- Work to complete
For this exercise, copy the records below exactly and exclude every image.

- Saved entries

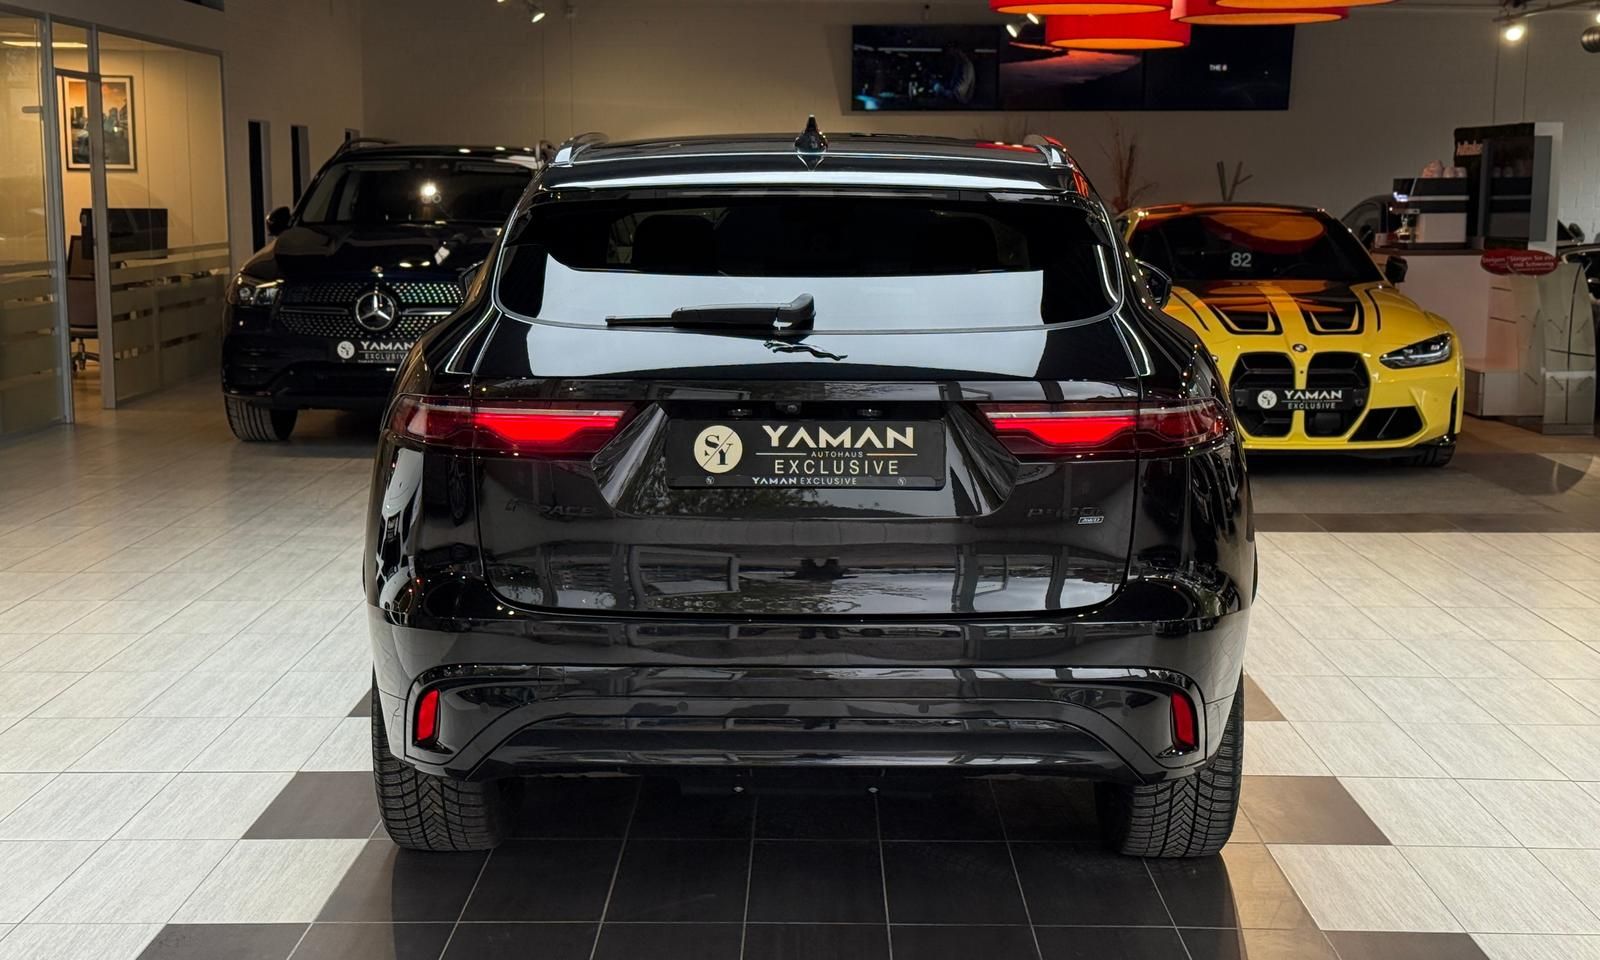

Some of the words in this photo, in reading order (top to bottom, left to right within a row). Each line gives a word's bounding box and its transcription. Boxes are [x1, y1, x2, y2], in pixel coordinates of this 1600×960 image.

[1231, 252, 1251, 267] 82
[360, 341, 414, 350] YAMAN
[1284, 389, 1342, 400] YAMAN
[1287, 402, 1336, 410] EXCLUSIVE
[762, 425, 914, 449] YAMAN
[774, 459, 899, 475] EXCLUSIVE
[752, 476, 797, 485] YAMAN
[800, 477, 857, 485] EXCLUSIVE
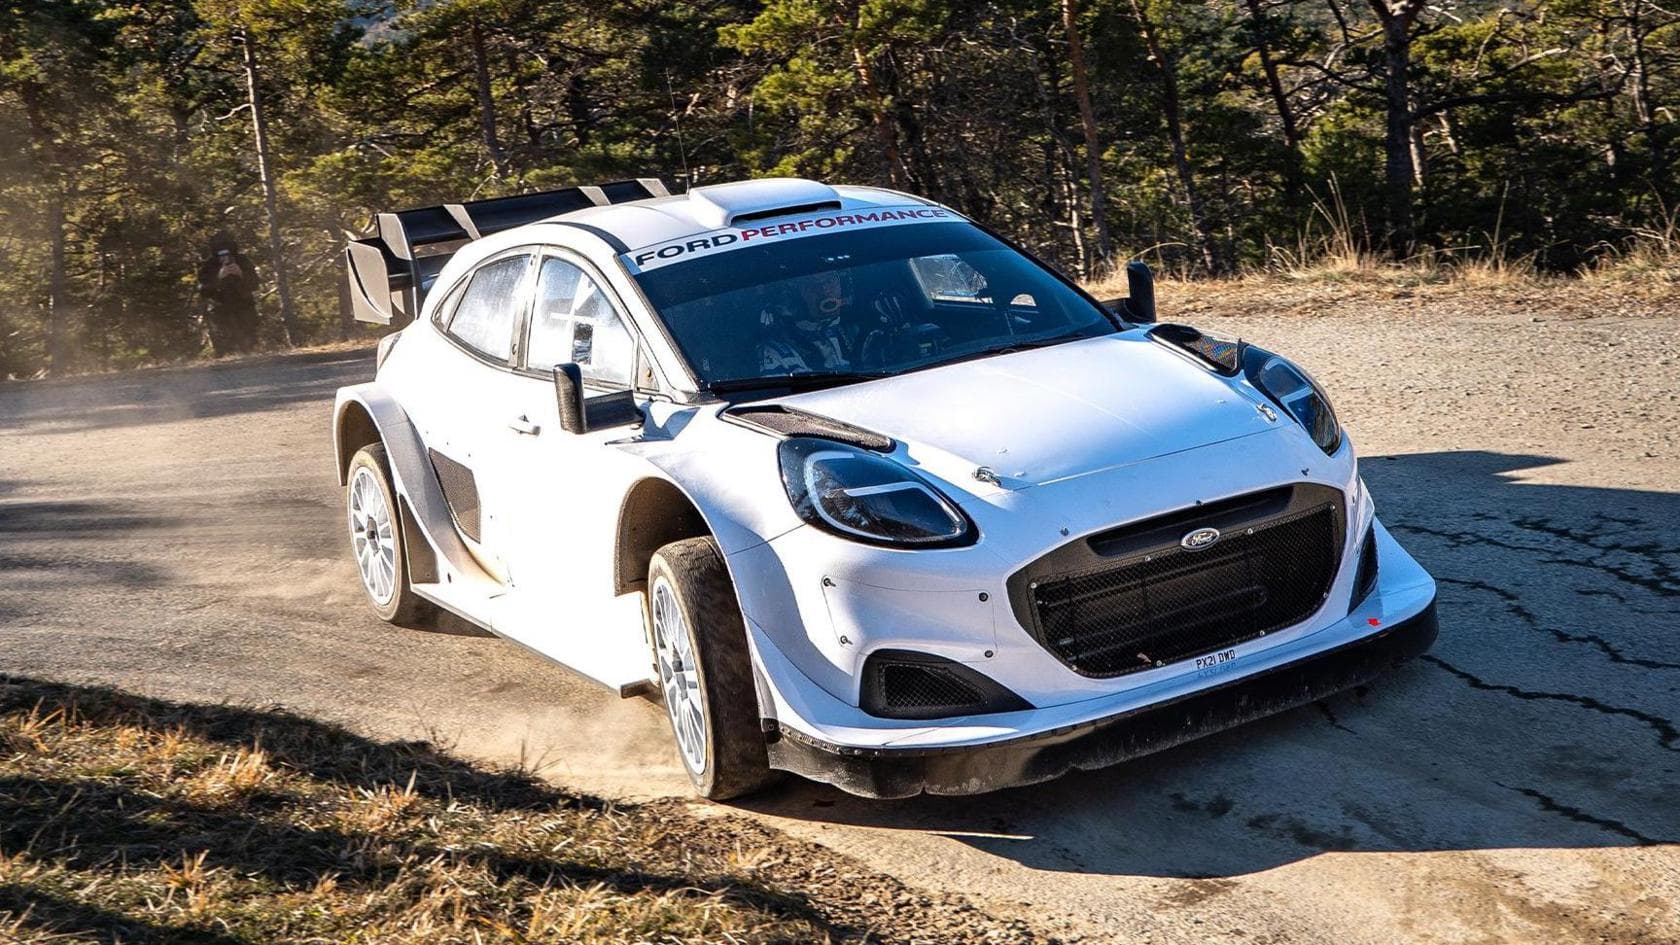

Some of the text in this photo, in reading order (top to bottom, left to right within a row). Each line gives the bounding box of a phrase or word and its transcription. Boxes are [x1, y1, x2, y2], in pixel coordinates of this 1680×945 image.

[635, 209, 949, 266] FORD PERFORMANCE
[1195, 655, 1217, 669] PX21
[1218, 649, 1236, 663] DWD
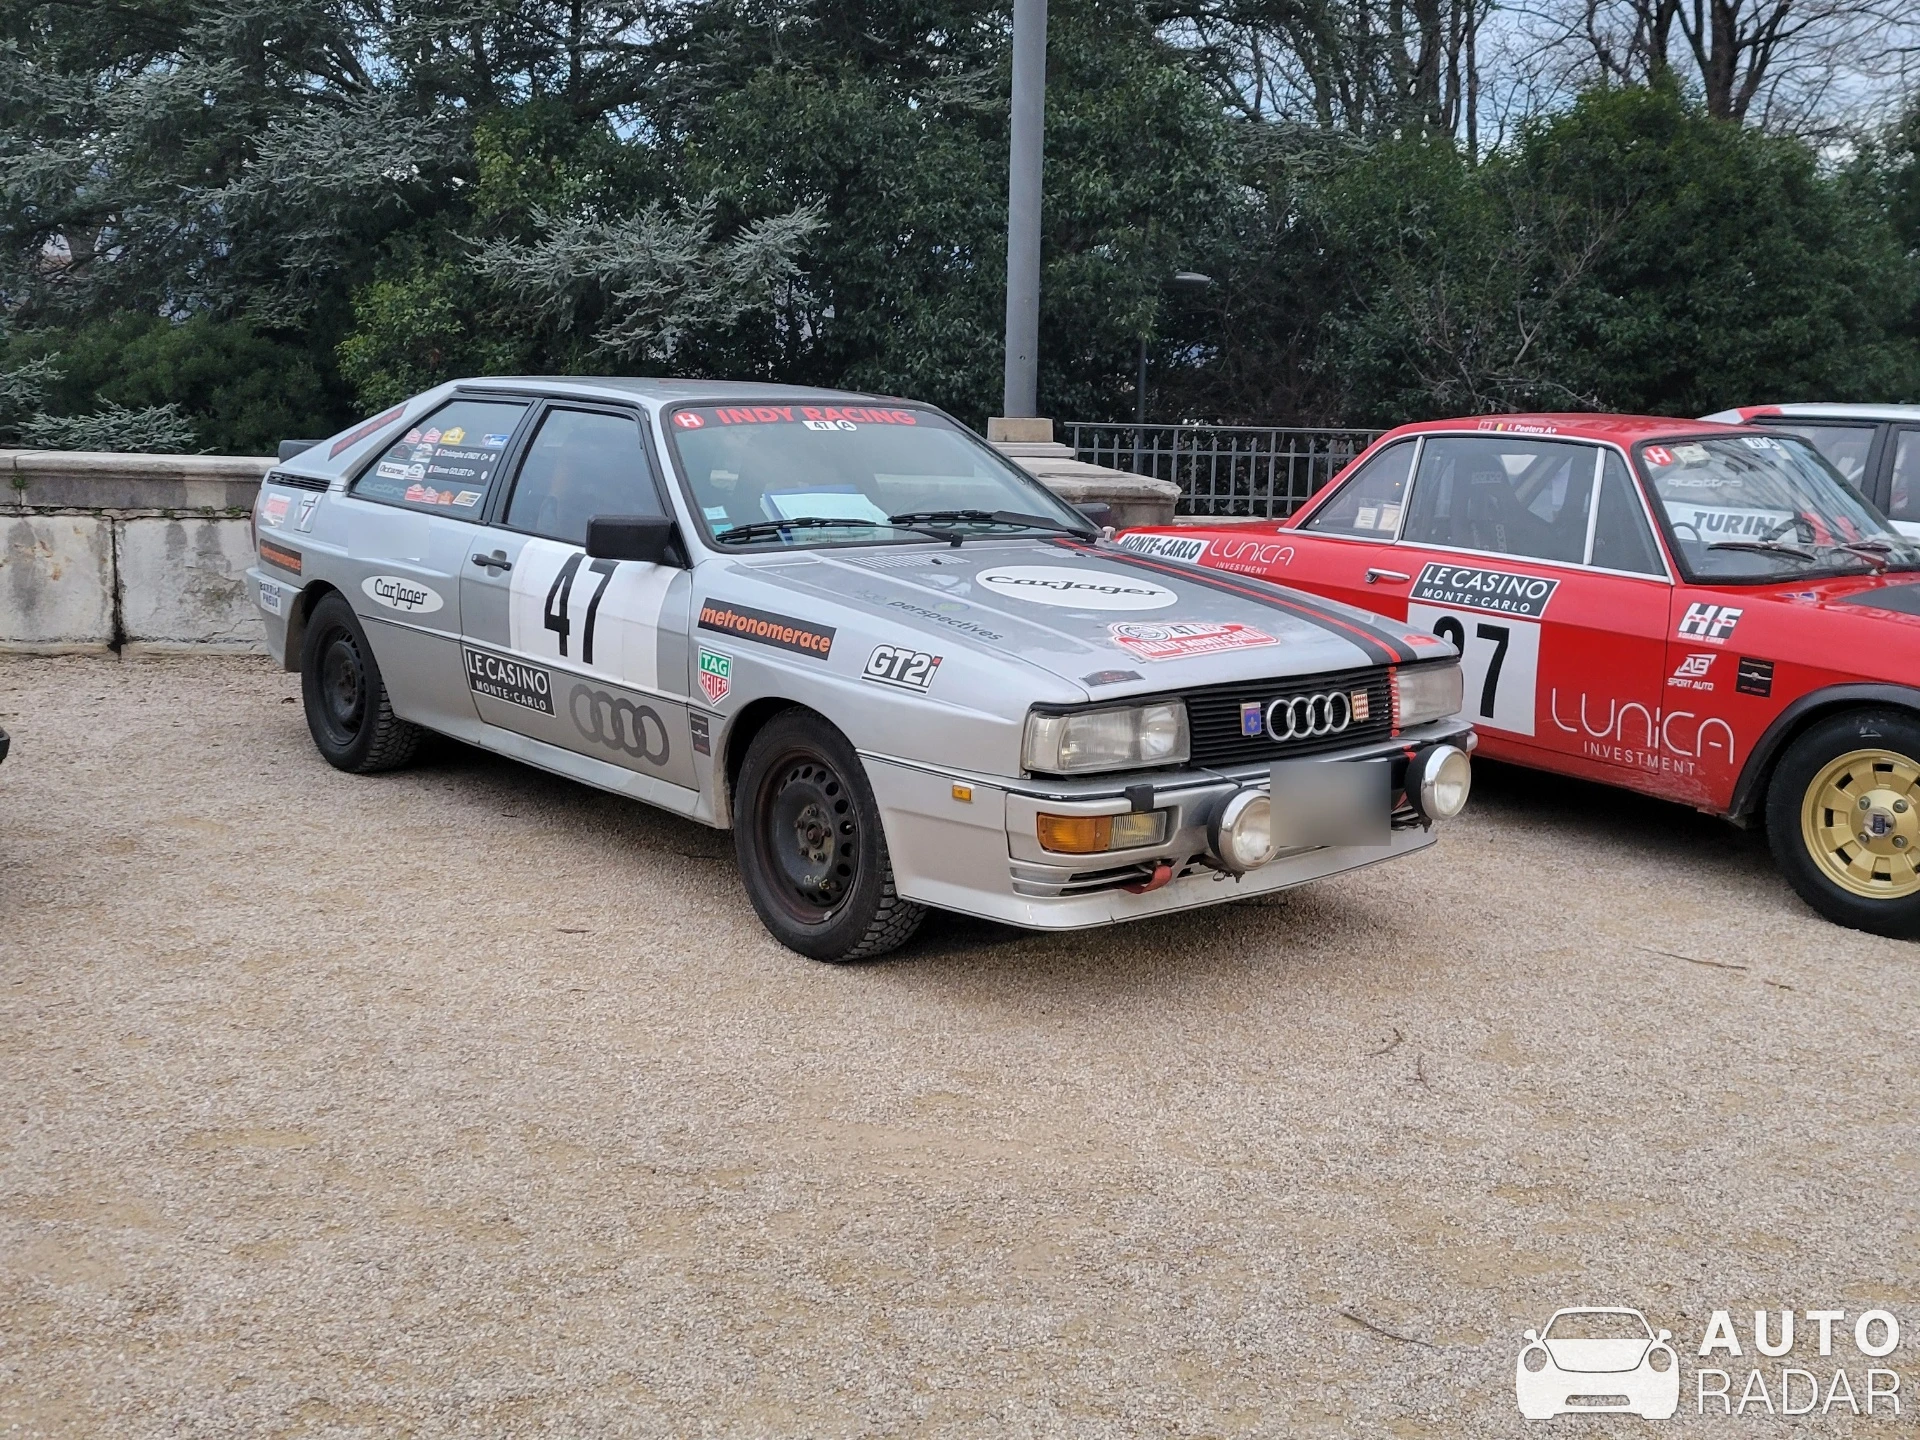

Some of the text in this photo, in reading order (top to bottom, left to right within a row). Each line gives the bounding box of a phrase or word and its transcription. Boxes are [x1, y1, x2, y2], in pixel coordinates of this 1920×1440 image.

[677, 414, 702, 427] H
[716, 406, 916, 425] INDY RACING
[814, 421, 830, 430] 47
[1514, 424, 1544, 434] Peeters
[1648, 447, 1671, 463] H
[1694, 511, 1776, 536] TURIN
[1120, 535, 1202, 560] MONTE-CARLO
[1216, 561, 1268, 574] INVESTMENT
[374, 577, 428, 610] CarJager
[985, 575, 1167, 598] CarJager
[1422, 565, 1549, 600] LE CASINO
[544, 552, 620, 665] 47
[888, 601, 1004, 640] perspectives
[1678, 602, 1744, 637] HF
[700, 604, 833, 654] metronomerace
[1170, 625, 1197, 636] 47
[468, 651, 548, 696] LE CASINO
[702, 653, 728, 676] TAG
[867, 644, 943, 688] GT2i
[701, 672, 727, 698] HEUER
[1667, 677, 1714, 691] SPORT AUTO
[1584, 740, 1696, 776] INVESTMENT

- Answer to this problem
Some of the words in this photo, in reading order (top to bottom, left to right within a row). Each line gives a word's bounding box and its transcription. Boxes are [x1, y1, x2, y2], in pixel coordinates of this 1600×960 image.

[1231, 252, 1251, 267] 82
[360, 341, 414, 350] YAMAN
[1284, 389, 1342, 400] YAMAN
[1287, 402, 1336, 410] EXCLUSIVE
[762, 425, 914, 449] YAMAN
[774, 459, 899, 475] EXCLUSIVE
[752, 476, 797, 485] YAMAN
[800, 477, 857, 485] EXCLUSIVE

Some of the text in this photo, in reading order (top to bottom, left to right within a row). Each line gives the bounding box of a phrase or word and its transcription. Boxes are [x1, y1, x2, y2], in pixel coordinates of this 1680×945 image.

[635, 209, 949, 266] FORD PERFORMANCE
[1195, 655, 1217, 669] PX21
[1218, 649, 1236, 663] DWD

Some of the text in this photo, in reading order (top to bottom, left to right within a row). Each line gives the bounding box of a phrase or word and its transcription. Boxes are [x1, y1, x2, y2], in pixel coordinates of this 1920×1440 image.

[677, 414, 702, 427] H
[716, 406, 916, 425] INDY RACING
[814, 421, 830, 430] 47
[1514, 424, 1544, 434] Peeters
[1648, 447, 1671, 463] H
[1694, 511, 1776, 536] TURIN
[1120, 535, 1202, 560] MONTE-CARLO
[1216, 561, 1268, 574] INVESTMENT
[374, 577, 428, 610] CarJager
[985, 575, 1167, 598] CarJager
[1422, 565, 1549, 600] LE CASINO
[544, 552, 620, 665] 47
[888, 601, 1004, 640] perspectives
[1678, 602, 1744, 637] HF
[700, 604, 833, 654] metronomerace
[1170, 625, 1197, 636] 47
[468, 651, 548, 696] LE CASINO
[702, 653, 728, 676] TAG
[867, 644, 943, 688] GT2i
[701, 672, 727, 698] HEUER
[1667, 677, 1714, 691] SPORT AUTO
[1584, 740, 1696, 776] INVESTMENT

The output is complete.